23427 Fingertip Reconstruction Using the Hypothenar Perforator Free Flap

Saturday, October 12, 2013
Kwang Seog Kim, MD, PhD , Chonnam National University, Gwangju, South Korea
Eui Sik Kim, MD, PhD , Department of Plastic & Reconstructive Surgery, Chonnam National University, Gwangju, South Korea
Jae Ha Hwang, MD, PhD , Department of Plastic & Reconstructive Surgery, Chonnam National University, Gwangju, South Korea
Sam Yong Lee, Md, PhD , Department of Plastic & Reconstructive Surgery, Chonnam National University, Gwangju, South Korea
E-Poster

Introduction: Cadaver studies have shown that some perforator flaps can be raised from the hypothenar area. However, a survey of the English language literature showed no report of the use of the hypothenar perforator free flap.
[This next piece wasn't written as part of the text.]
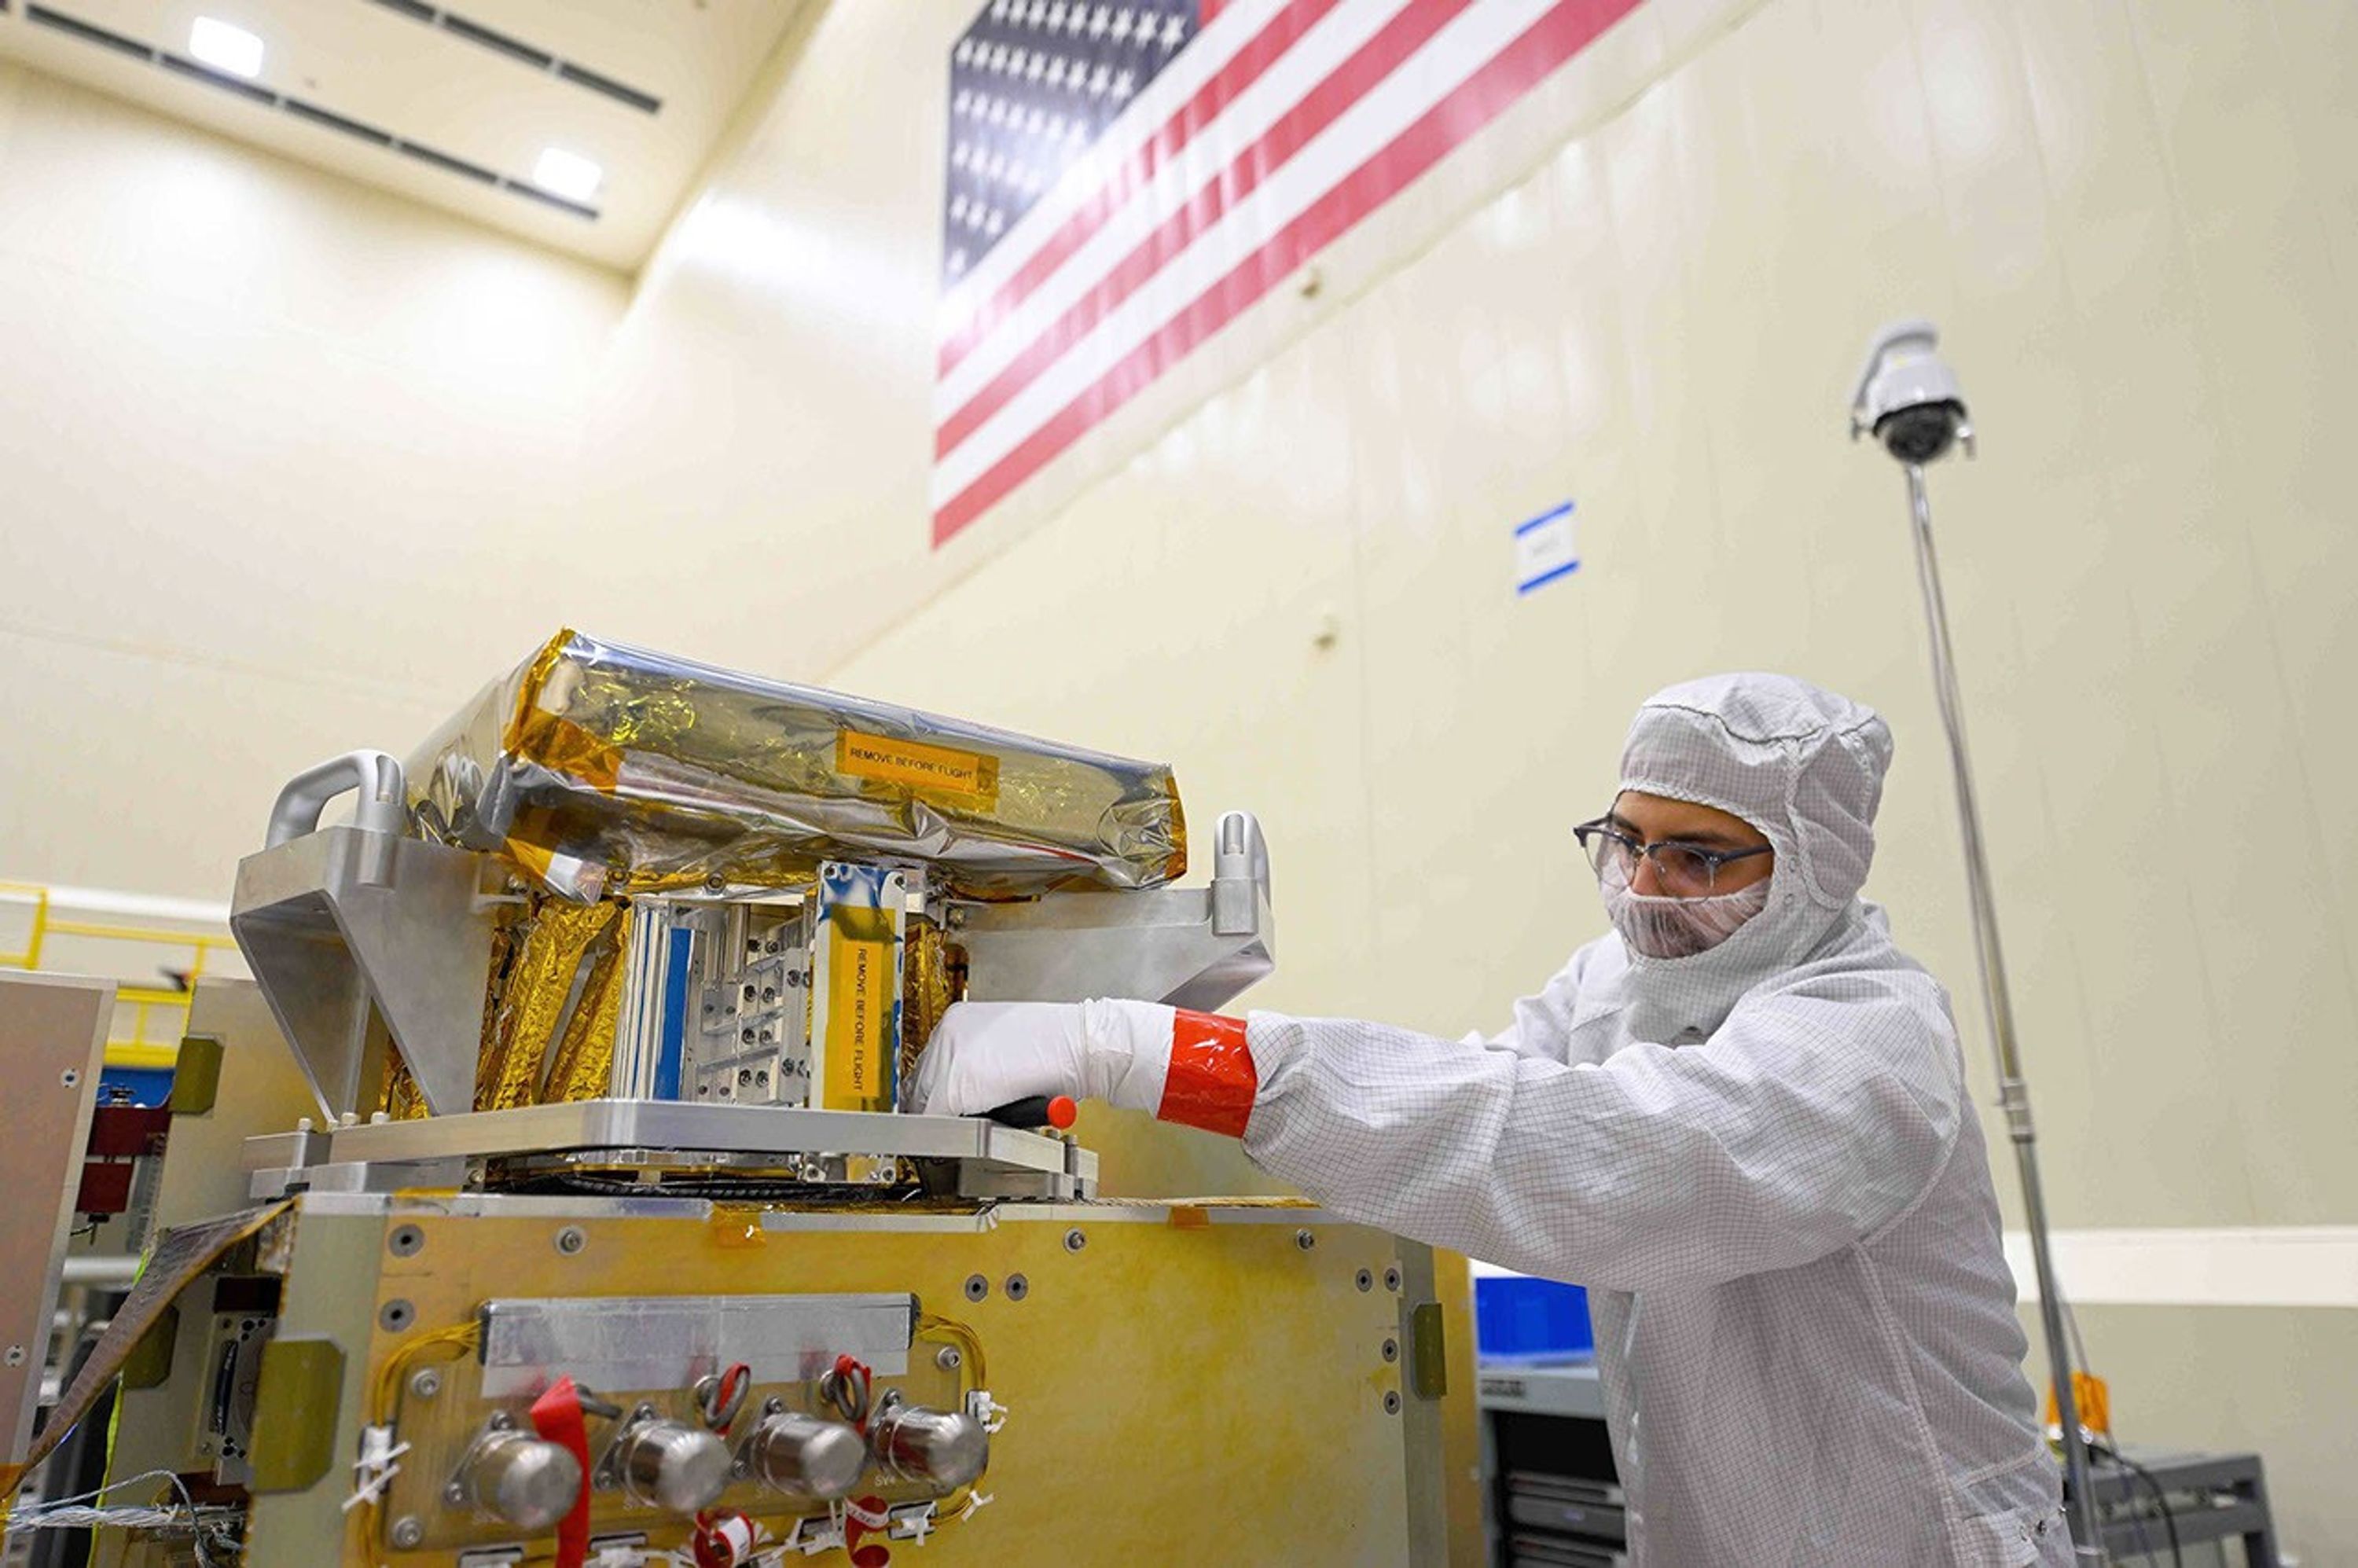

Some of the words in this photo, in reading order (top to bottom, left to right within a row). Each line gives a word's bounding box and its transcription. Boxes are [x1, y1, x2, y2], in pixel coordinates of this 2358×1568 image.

The purpose of this study was to present the results of using the hypothenar perforator free flap for fingertip reconstruction.
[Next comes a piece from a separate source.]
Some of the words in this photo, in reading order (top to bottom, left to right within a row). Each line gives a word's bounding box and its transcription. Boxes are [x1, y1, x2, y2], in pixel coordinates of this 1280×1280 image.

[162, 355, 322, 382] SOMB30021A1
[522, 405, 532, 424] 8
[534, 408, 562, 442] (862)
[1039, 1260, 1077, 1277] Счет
Methods: Between 2004 and 2012, 24 patients underwent reconstruction of fingertip defects using the hypothenar perforator free flap at our institute.
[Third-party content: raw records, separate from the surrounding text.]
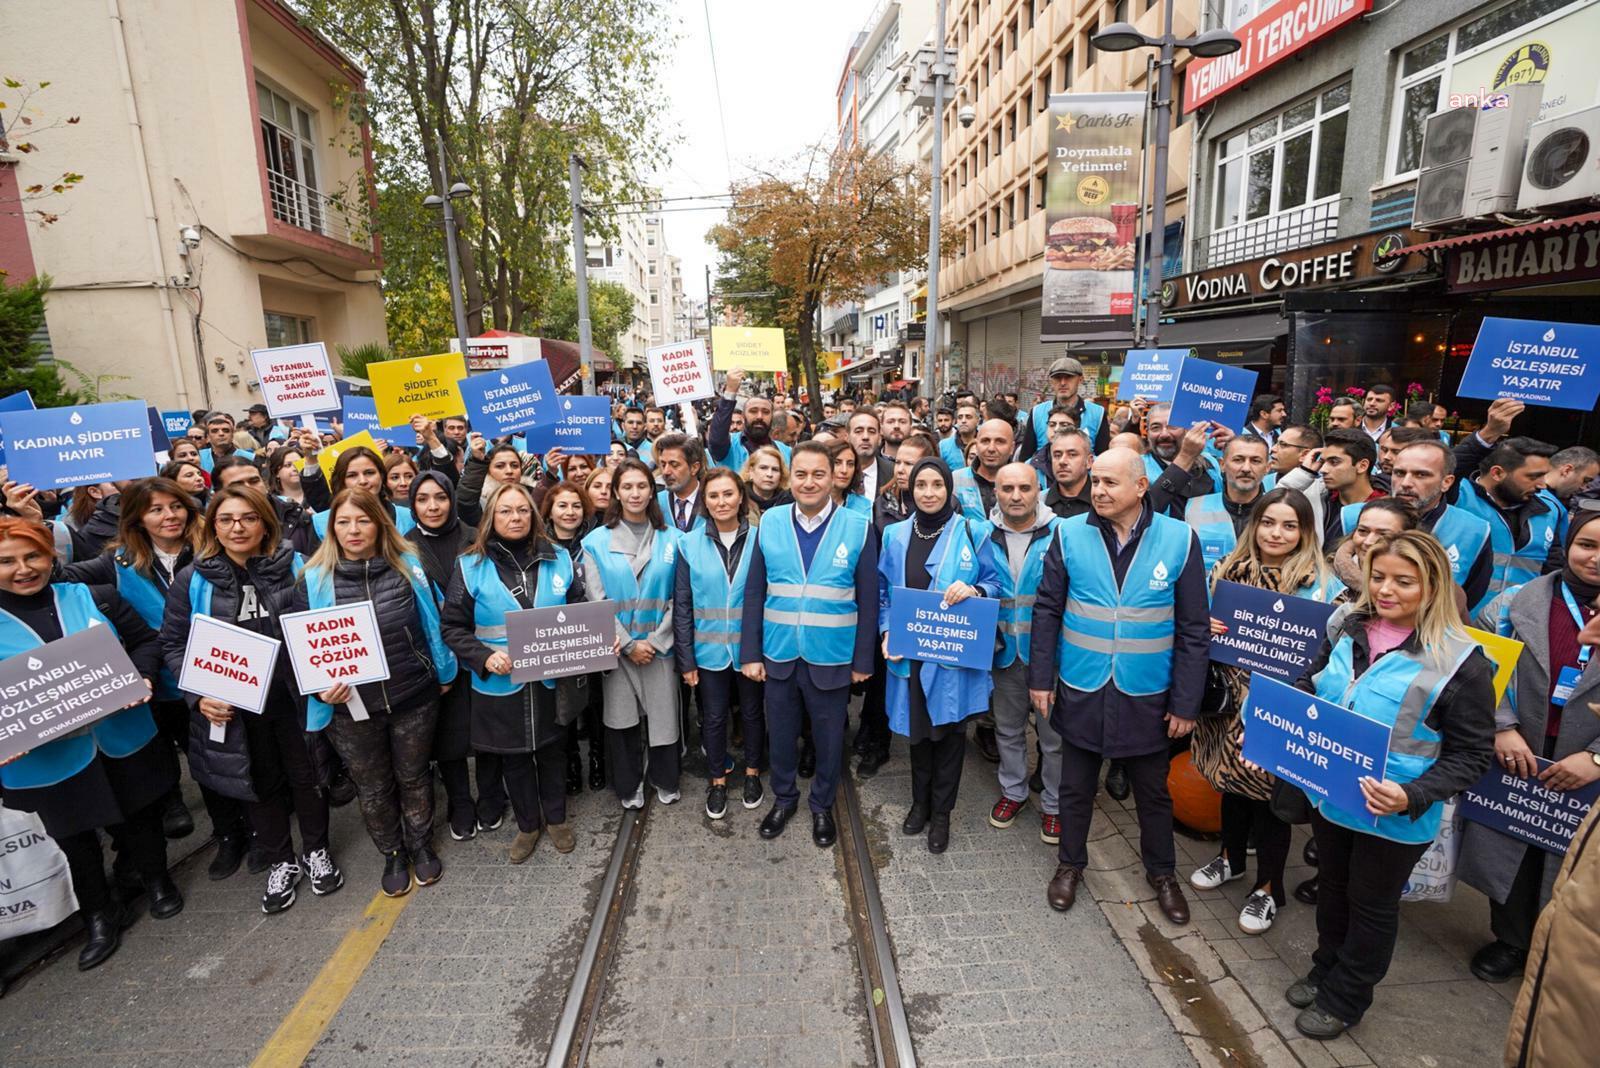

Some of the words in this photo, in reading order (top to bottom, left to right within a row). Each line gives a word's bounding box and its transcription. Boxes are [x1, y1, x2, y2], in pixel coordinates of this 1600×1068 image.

[1509, 67, 1532, 82] 1971
[1076, 113, 1112, 128] Carl's
[1114, 113, 1134, 128] Jr.
[1056, 146, 1132, 160] Doymakla
[1061, 160, 1128, 172] Yetinme!
[1456, 226, 1600, 284] BAHARİY
[1185, 272, 1247, 302] VODNA
[1260, 250, 1352, 290] COFFEE
[467, 346, 508, 358] Hürriyet
[662, 348, 693, 361] KADIN
[1507, 340, 1579, 359] İSTANBUL
[270, 362, 314, 373] İSTANBUL
[662, 360, 696, 373] VARSA
[1137, 363, 1170, 371] İSTANBUL
[1491, 357, 1586, 376] SÖZLEŞMESİ
[263, 369, 326, 384] SÖZLEŞMESİNE
[404, 378, 438, 392] ŞİDDET
[663, 371, 702, 386] ÇÖZÜM
[1130, 373, 1173, 382] SÖZLEŞMESİ
[1502, 375, 1562, 390] YAŞATIR
[284, 381, 310, 391] SAHİP
[484, 382, 532, 400] İSTANBUL
[674, 385, 695, 395] VAR
[1136, 383, 1163, 393] YAŞATIR
[1182, 382, 1213, 396] KADINA
[1214, 387, 1247, 403] ŞİDDETE
[277, 389, 326, 403] ÇIKACAĞIZ
[398, 389, 449, 404] ACİZLİKTİR
[482, 390, 542, 414] SÖZLEŞMESİ
[1498, 391, 1551, 402] #DEVAKADINDA
[1200, 400, 1224, 412] HAYIR
[496, 408, 536, 424] YAŞATIR
[567, 416, 605, 427] ŞİDDETE
[14, 435, 74, 450] KADINA
[78, 427, 142, 445] ŞİDDETE
[59, 447, 104, 462] HAYIR
[55, 472, 112, 484] #DEVAKADINDA
[306, 616, 355, 634] KADIN
[916, 608, 971, 626] İSTANBUL
[1234, 609, 1254, 623] BİR
[1256, 615, 1280, 630] KİŞİ
[1281, 622, 1317, 639] DAHA
[535, 624, 589, 638] İSTANBUL
[906, 622, 977, 640] SÖZLEŞMESİ
[1238, 626, 1306, 651] EKSİLMEYE
[308, 632, 361, 650] VARSA
[523, 633, 603, 654] SÖZLEŞMESİNİ
[917, 638, 964, 652] YAŞATIR
[1211, 634, 1304, 666] AHAMMÜLÜMÜZ
[210, 647, 249, 668] DEVA
[309, 647, 368, 668] ÇÖZÜM
[513, 656, 540, 668] GERİ
[543, 646, 614, 665] GETİRECEĞİZ
[194, 657, 259, 687] KADINDA
[326, 664, 359, 679] VAR
[544, 665, 585, 676] #DEVAKADINDA
[1238, 657, 1289, 676] #DEVAKADINDA
[0, 660, 87, 700] İSTANBUL
[0, 663, 114, 720] ÖZLEŞMESİNİ
[29, 672, 138, 726] GETİRECEĞİZ
[38, 706, 103, 739] #DEVAKADINDA
[1254, 706, 1304, 739] KADINA
[1308, 730, 1374, 770] ŞİDDETE
[1286, 740, 1329, 770] HAYIR
[1276, 765, 1329, 796] #DEVAKADINDA
[1501, 774, 1528, 792] BİR
[1532, 786, 1565, 804] KİŞİ
[1465, 791, 1577, 840] TAHAMMÜLÜM
[1507, 792, 1584, 826] EKSİLME
[1508, 825, 1570, 852] #DEVAKADIN
Results: Flap survival was complete in 22 flaps. The causes of the 2 flap failures were the use of a less reliable perforator and pedicle compression in 1 patient and postoperative accidental trauma in 1 patient. Flap size ranged from 1.5 to 2.5 cm in width and 2.7 to 4.5 cm in length. Donor sites were closed primarily in all patients. Healing of all donor sites was uncomplicated, and donor site morbidity was minimal with acceptable scarring. In the 22 successfully reconstructed fingertips, flap contour, durability, elasticity, skin color, and skin texture were satisfactory at the final follow-up visit. Long-term follow-up for more than 12 months (range, 12 to 51 months) was possible in 14 patients and revealed excellent flap sensibility.

Conclusions: The hypothenar perforator free flap provides acceptable functional and cosmetic outcomes for the reconstruction of fingertip defects. The authors recommend that this flap should be considered as a useful option for fingertip reconstruction.